Representing nearly 60 years of firearms innovation, these three Browning A5 semiautomatics are, from left, a new Sweet Sixteen, a veteran Sweet Sixteen, and a veteran Light Twelve. They performed nearly identically in the patterning tests and on clay targets, with the new Humpback holding a slight edge in handling and paper-perforating performance.

The popularity of the 16-gauge shotgun, in particular the Browning A5 Sweet Sixteen, has never waned among those select shooters with a streak of nostalgia in their genetic makeup. A common refrain of, “I’ve still got my granddad’s old 16 — best bird gun ever made,” is often heard whenever veteran shooters gather to share tales of old or create new memories of quality time in the outdoors.

Responding to a reader’s request, we decided to give the recently unveiled Browning A5 Sweet Sixteen that premiered at the 2016 SHOT Show a closer look to see what motivates the 16 gauge’s small, but very loyal, fan base. The new semiautomatic is built with a smaller, lighter receiver than the old-style Humpback and utilizes a different recoil system than the long-recoil creation of legendary firearms genius John M. Browning, so only time will tell if it has the lasting power of its predecessors.

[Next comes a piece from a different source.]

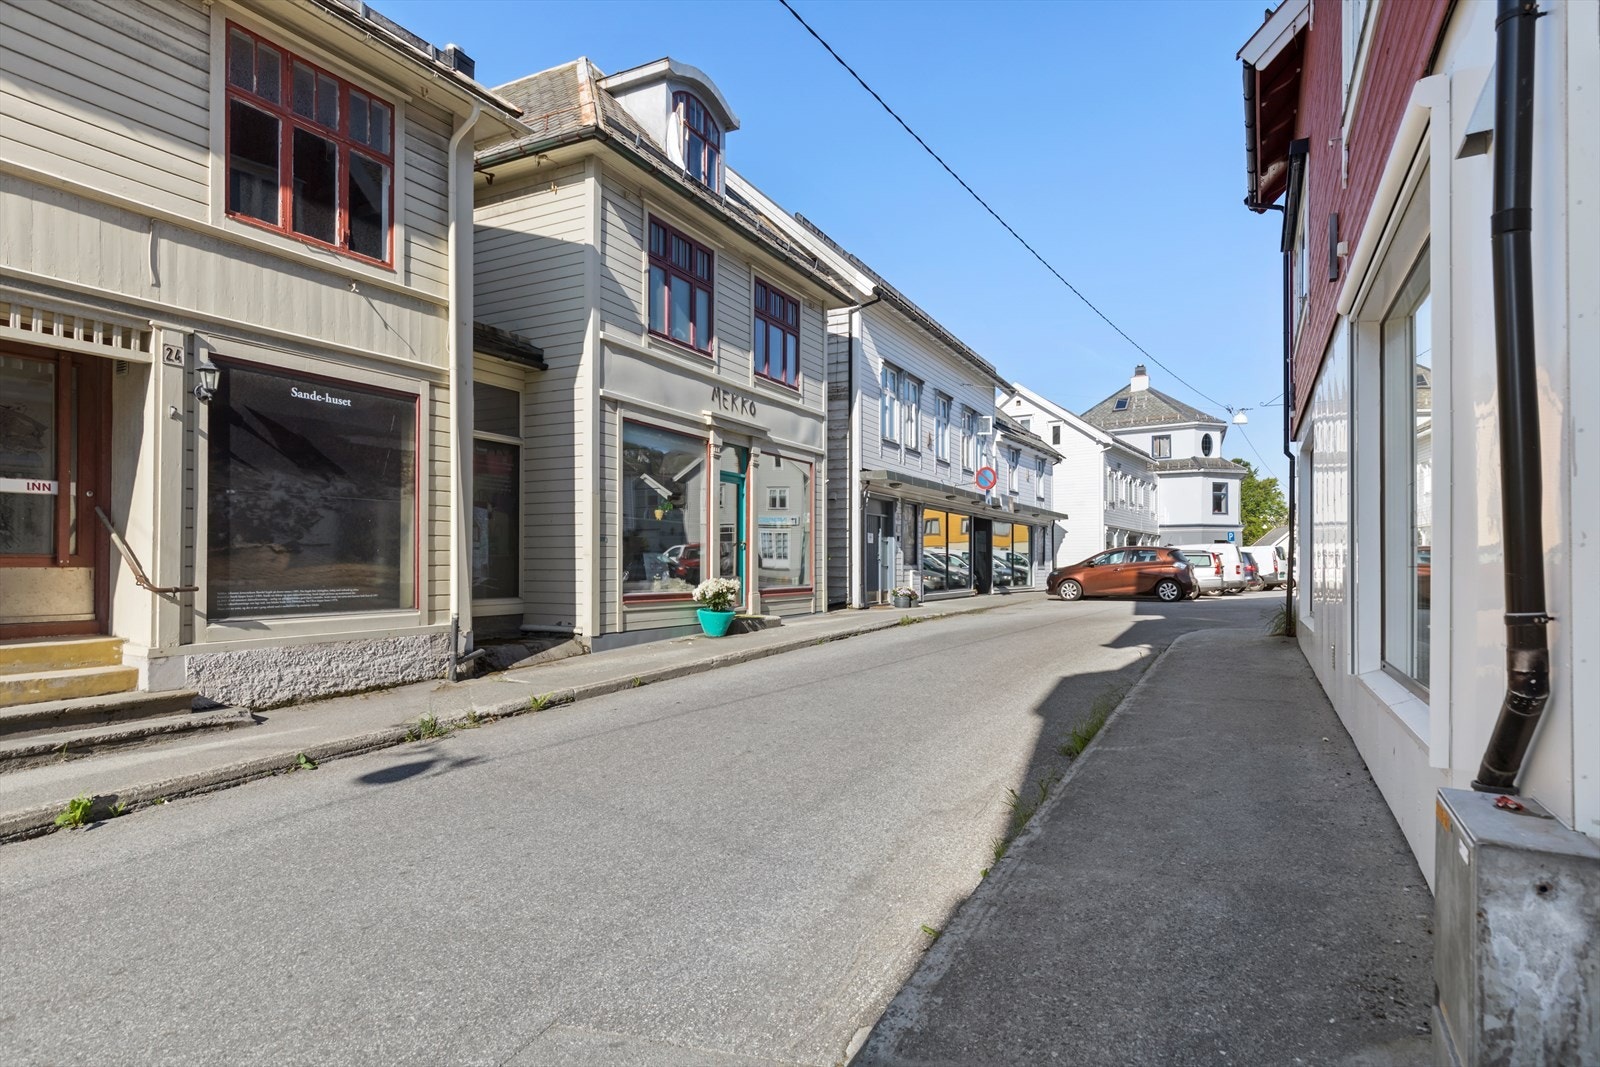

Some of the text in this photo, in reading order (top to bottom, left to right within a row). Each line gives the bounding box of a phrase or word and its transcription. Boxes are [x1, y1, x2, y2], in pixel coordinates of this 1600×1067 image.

The Light Twelve was added to the mix for a couple of reasons. First, the older Sweet Sixteen is built on the same-sized frame as the 12 gauge. Also, we wanted to see if the 16 gauge lives up to its reputation as a more sporting shooting tool. And, of course, 12-gauge ammunition is much more available than 16-gauge shotshells, and if the potential wingshooter is in the market for one of these Humpbacks, how much will nostalgia and pride of ownership of a “Sweet Sixteen” override the economics of shooting the bigger gauge, assuming similar performance?